On February 2, 2009, ModusLink Corporation entered into a Severance Agreement and General Release with Mr. Smith, President, Sales and Marketing of ModusLink Corporation, effective February 6, 2009. Subject to the terms of that agreement, Mr. Smith could receive his base salary of $400,000 paid out over a twelve-month period following his last day of employment on February 6, 2009.

Director Compensation

The table below sets forth certain information concerning our fiscal 2009 compensation of our Directors. The amounts shown in the Option Awards column below represents the accounting expense that we recognized under FASB 123(R) during fiscal 2009 for awards from prior years and fiscal 2009, not the actual amounts paid to or realized by our Directors during fiscal 2009. The FASB 123(R) amount as of the grant date for stock options is generally spread over the number of months of service required for the grant to vest. The amount disclosed disregards estimates of forfeitures of awards that are otherwise included in our financial statement reporting for such awards. There can be no assurance that the FASB 123(R) amounts listed below will ever be realized by our Directors.

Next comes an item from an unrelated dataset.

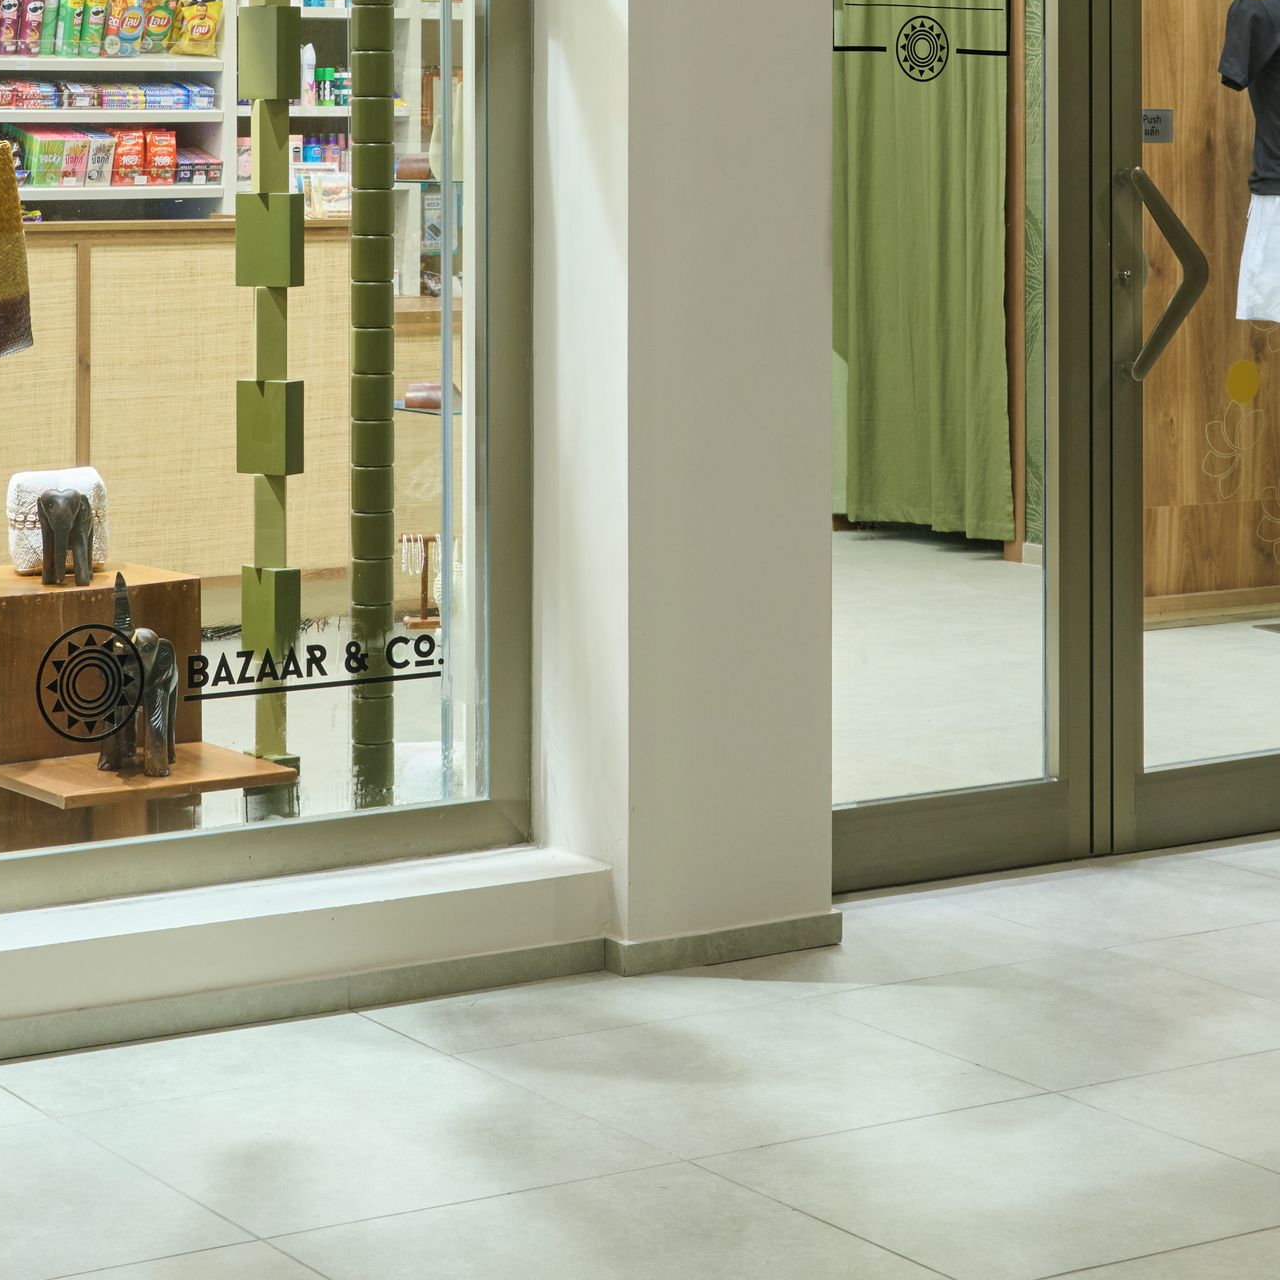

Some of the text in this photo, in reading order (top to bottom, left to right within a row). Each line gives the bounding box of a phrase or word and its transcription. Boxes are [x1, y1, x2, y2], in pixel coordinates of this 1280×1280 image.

DIRECTOR COMPENSATION FOR FISCAL 2009

 

Name

   Fees
Earned or
Paid in
Cash ($)
   Stock
Awards
($)
   Option Awards
($)(1)
    Non-Equity
Incentive
Plan
Compensation
($)
   Change in
Pension Value
and Nonqualified
Deferred
Compensation
Earnings
($)
   All Other
Compensation
($)
   Total
($)

Anthony J. Bay

   81,000    n/a    14,454 (2)    n/a    n/a    n/a    95,454

Virginia G. Breen

   80,000    n/a    13,429 (3)    n/a    n/a    n/a    93,429

Thomas H. Johnson

   71,500    n/a    51,155 (4)    n/a    n/a    n/a    122,655

Francis J. Jules

   92,000    n/a    13,429 (5)    n/a    n/a    n/a    105,429

Edward E. Lucente

   69,000    n/a    51,155 (6)    n/a    n/a    n/a    120,155

Michael J. Mardy

   84,000    n/a    13,429 (7)    n/a    n/a    n/a    97,429

 

(1) Options granted upon a Director’s initial election to the Board of Directors vest ratably on a monthly basis over three years and options granted thereafter, annually on the date of the annual meeting of stockholders, vest ratably on a monthly basis over a three year period, provided that the Director continues to serve as a member of our Board. For options granted prior to August 1, 2005, the fair value for these options was estimated as of the date of grant using a Black-Scholes option-pricing model. For stock options granted on or after August 1, 2005, the fair value of each award is estimated as of the date of grant using a binomial valuation model. Additional information regarding the assumptions used to estimate the fair value of all stock option awards is included in Note 14 to Consolidated Financial Statements contained in our Annual Report on Form 10-K for our fiscal year ended July 31, 2009.
(2) Reflects the 2009 accounting expense recognized by the Company with respect to stock option awards granted in fiscal years 2006, 2007, 2008 and 2009. As of July 31, 2009, Mr. Bay had options (vested and unvested) to purchase an aggregate of 29,300 shares of our Common Stock.
(3) Reflects the 2009 accounting expense recognized by the Company with respect to stock option awards granted in fiscal years 2006, 2007, 2008 and 2009. As of July 31, 2009, Ms. Breen had options (vested and unvested) to purchase an aggregate of 39,200 shares of our Common Stock.

 

35


(4) Reflects the 2009 accounting expense recognized by the Company with respect to stock option awards granted in fiscal years 2007, 2008 and 2009. As of July 31, 2009, Mr. Johnson had options (vested and unvested) to purchase an aggregate of 27,200 shares of our Common Stock.
(5) Reflects the 2009 accounting expense recognized by the Company with respect to stock option awards granted in fiscal years 2006, 2007, 2008 and 2009. As of July 31, 2009, Mr. Jules had options (vested and unvested) to purchase an aggregate of 34,400 shares of our Common Stock.
(6) Reflects the 2009 accounting expense recognized by the Company with respect to stock option awards granted in fiscal years 2007, 2008 and 2009. As of July 31, 2009, Mr. Lucente had options (vested and unvested) to purchase an aggregate of 27,200 shares of our Common Stock.
(7) Reflects the 2009 accounting expense recognized by the Company with respect to stock option awards granted in fiscal years 2006, 2007, 2008 and 2009. As of July 31, 2009, Mr. Mardy had options (vested and unvested) to purchase an aggregate of 34,400 shares of our Common Stock.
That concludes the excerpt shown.